(Data extract)

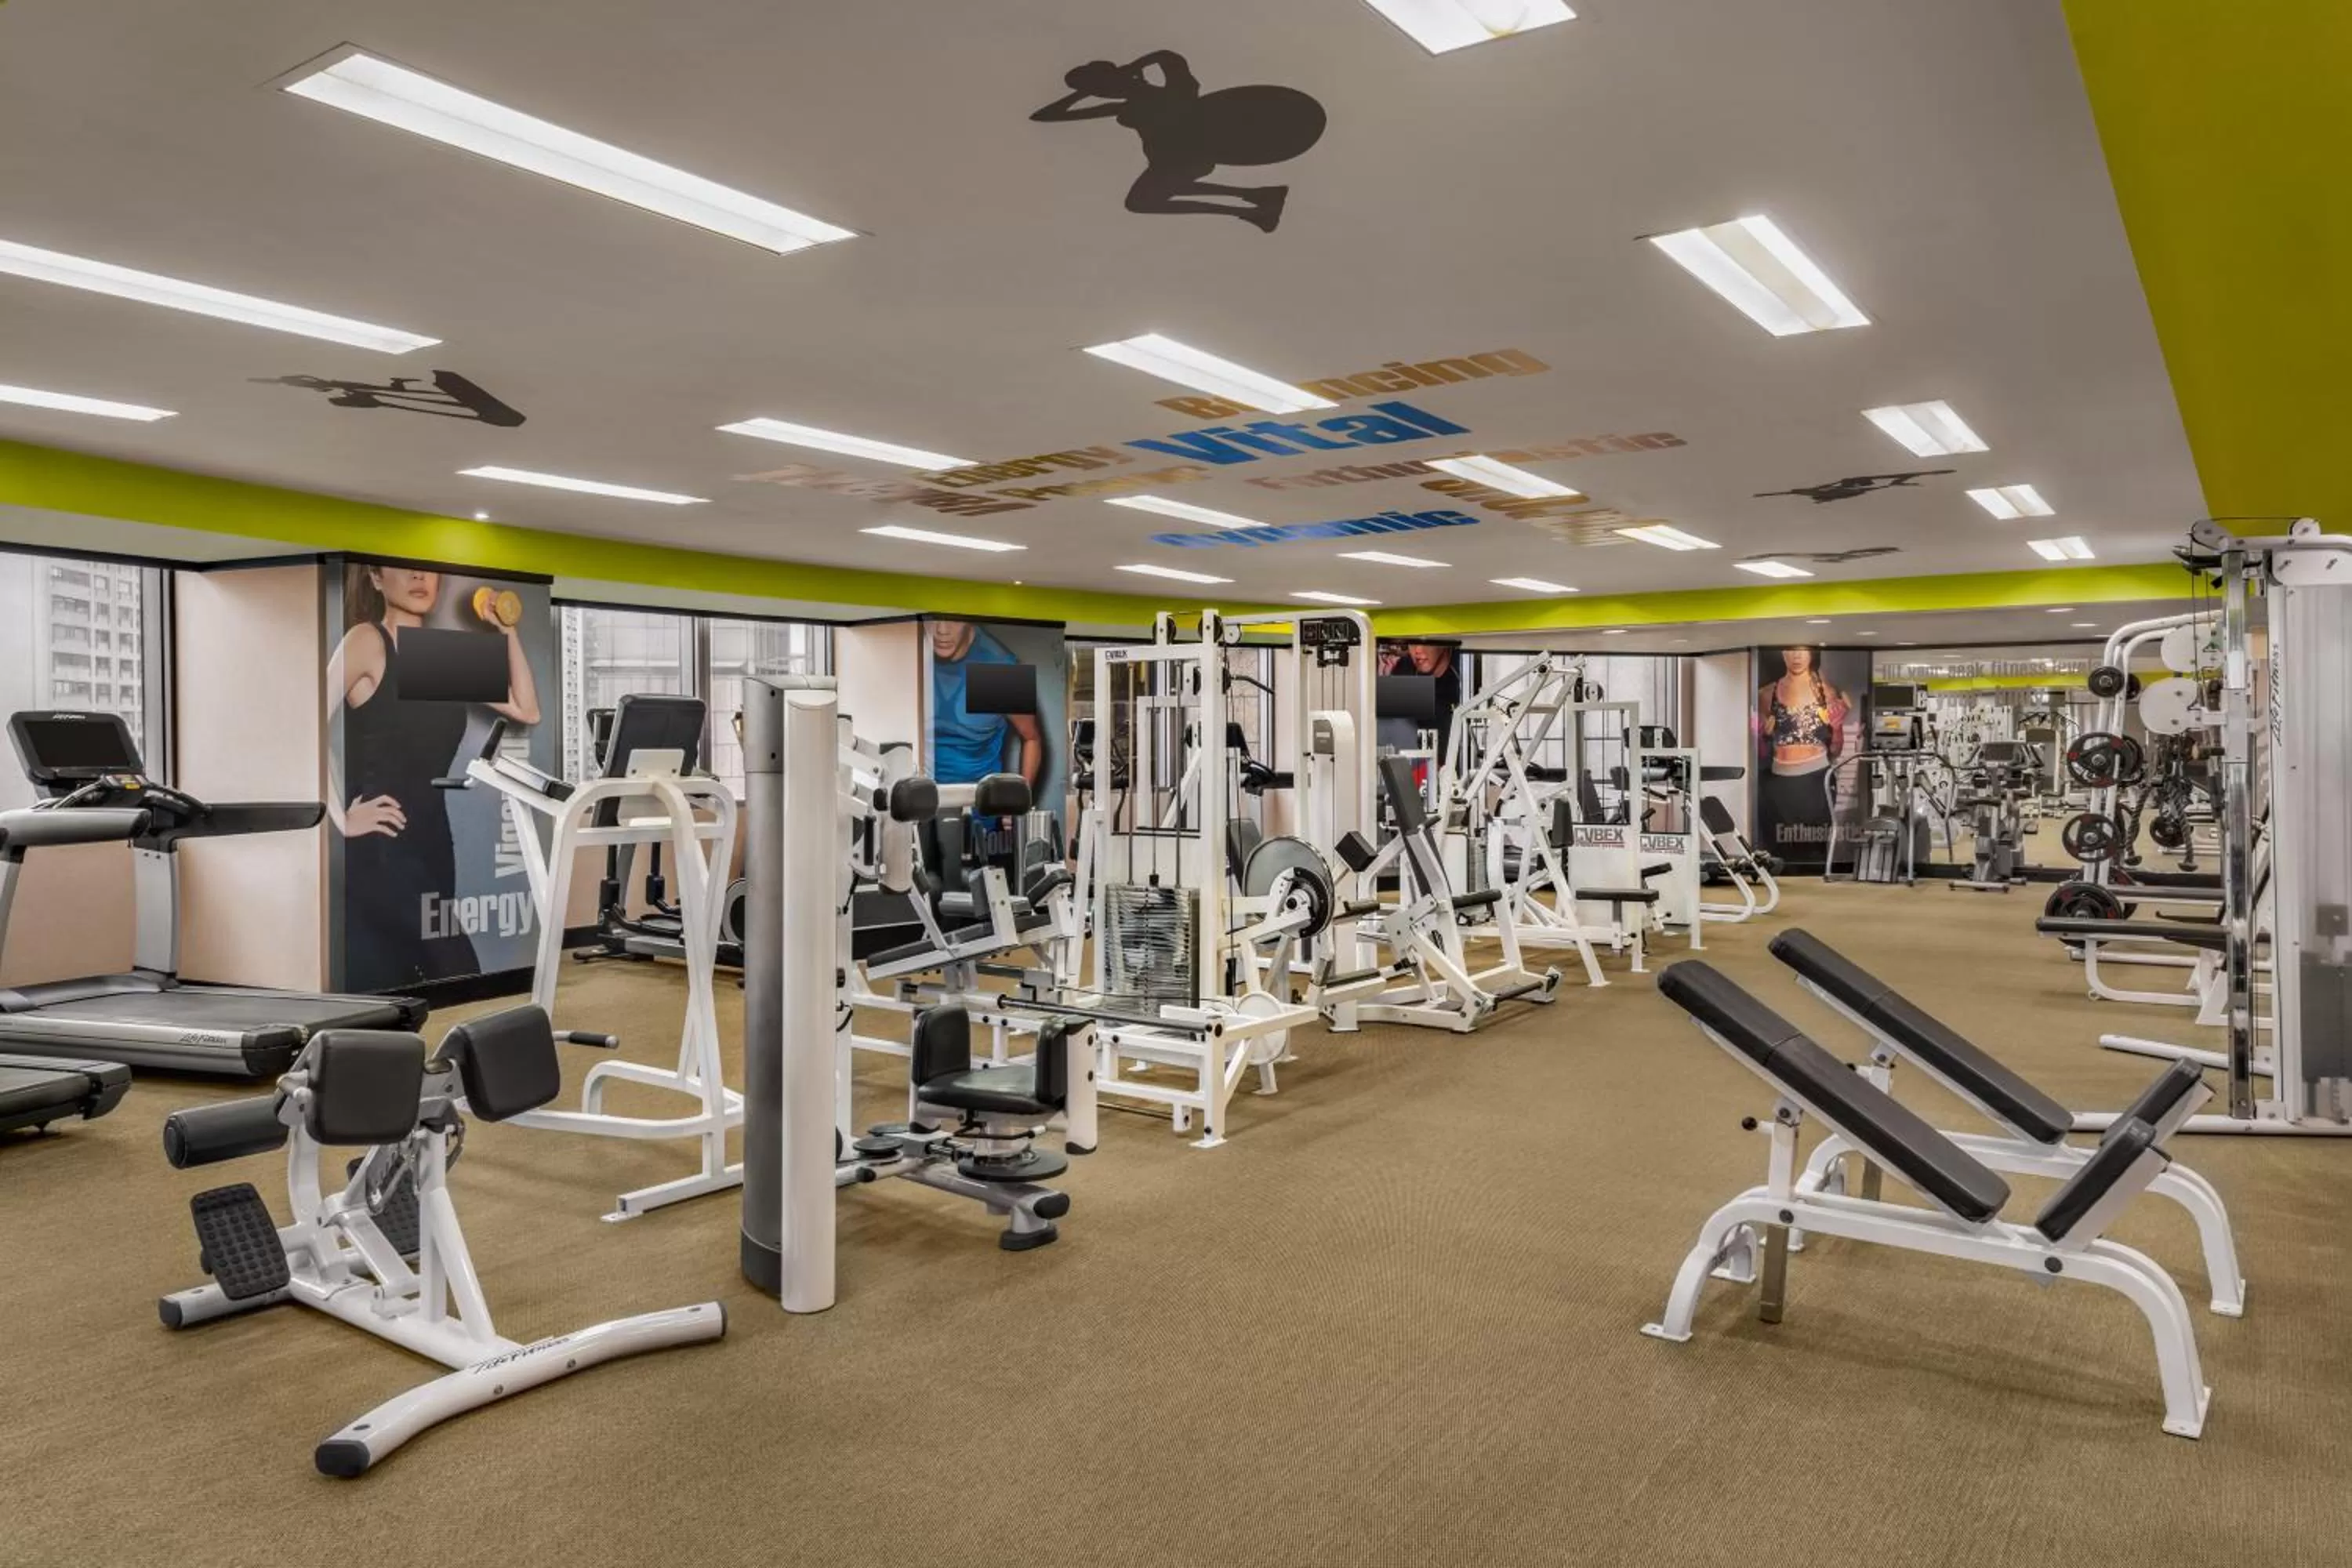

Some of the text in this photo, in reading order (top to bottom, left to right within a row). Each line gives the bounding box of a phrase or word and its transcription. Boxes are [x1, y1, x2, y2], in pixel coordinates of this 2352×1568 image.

[1154, 348, 1551, 419] Bncing
[1121, 401, 1472, 465] Vital
[1243, 432, 1688, 491] Enthuastic
[1991, 659, 2045, 677] fitness
[1574, 827, 1624, 842] CYBEX
[1639, 835, 1684, 849] CYBEX
[420, 891, 535, 941] Energy

(End Data extract)

» Your task: Make a word-for-word copy of the entries, without any pictures.

» Answer:
Some of the text in this photo, in reading order (top to bottom, left to right within a row). Each line gives the bounding box of a phrase or word and its transcription. Boxes are [x1, y1, x2, y2], in pixel coordinates of this 2352×1568 image.

[1154, 348, 1551, 419] Bncing
[1121, 401, 1472, 465] Vital
[1243, 432, 1688, 491] Enthuastic
[1991, 659, 2045, 677] fitness
[1574, 827, 1624, 842] CYBEX
[1639, 835, 1684, 849] CYBEX
[420, 891, 535, 941] Energy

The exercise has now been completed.